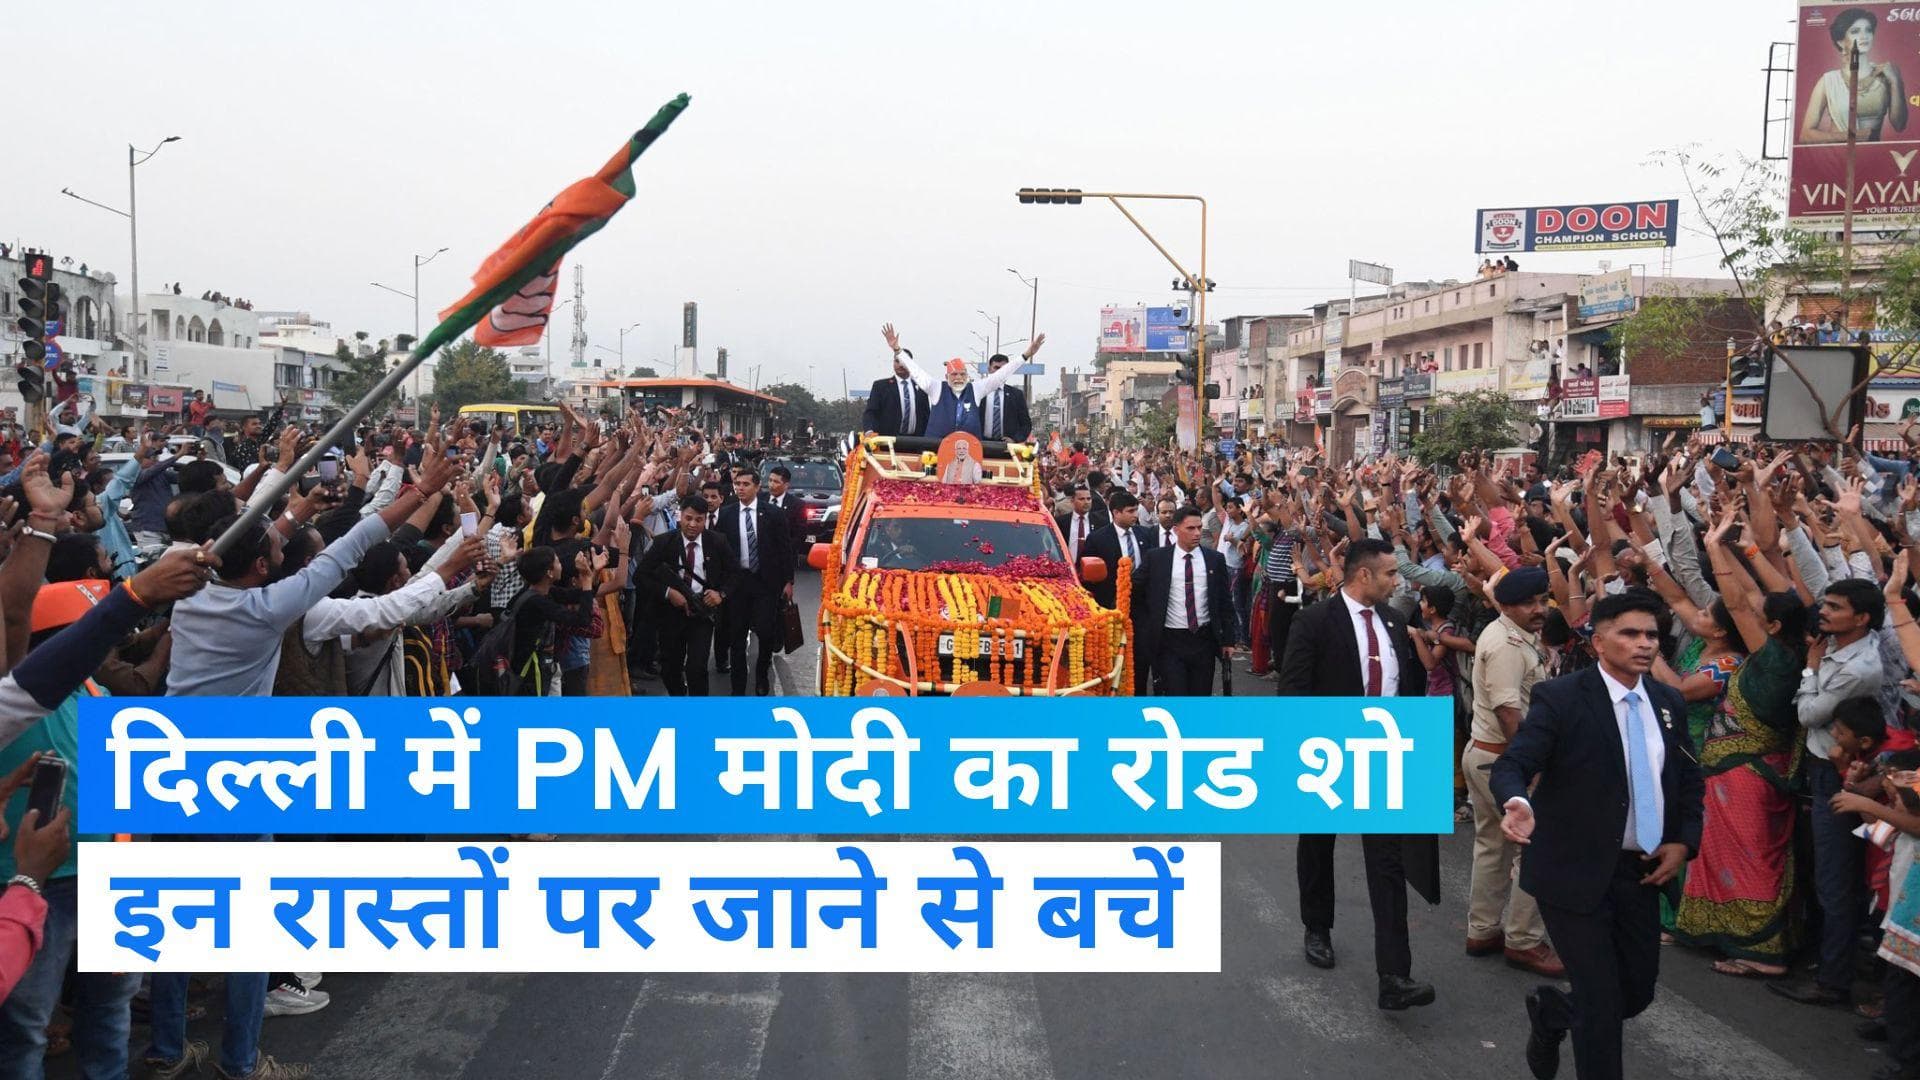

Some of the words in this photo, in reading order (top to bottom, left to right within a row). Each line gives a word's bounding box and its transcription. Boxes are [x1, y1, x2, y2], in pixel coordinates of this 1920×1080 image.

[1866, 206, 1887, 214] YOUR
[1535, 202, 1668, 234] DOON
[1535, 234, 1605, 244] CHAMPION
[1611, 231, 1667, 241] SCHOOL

WHAT YOU NEED TO DO> A verbatim copy of all the records, minus the pictures, is the expected answer.

SOLUTION>
Some of the words in this photo, in reading order (top to bottom, left to right within a row). Each line gives a word's bounding box and its transcription. Boxes are [x1, y1, x2, y2], in pixel coordinates of this 1920×1080 image.

[1866, 206, 1887, 214] YOUR
[1535, 202, 1668, 234] DOON
[1535, 234, 1605, 244] CHAMPION
[1611, 231, 1667, 241] SCHOOL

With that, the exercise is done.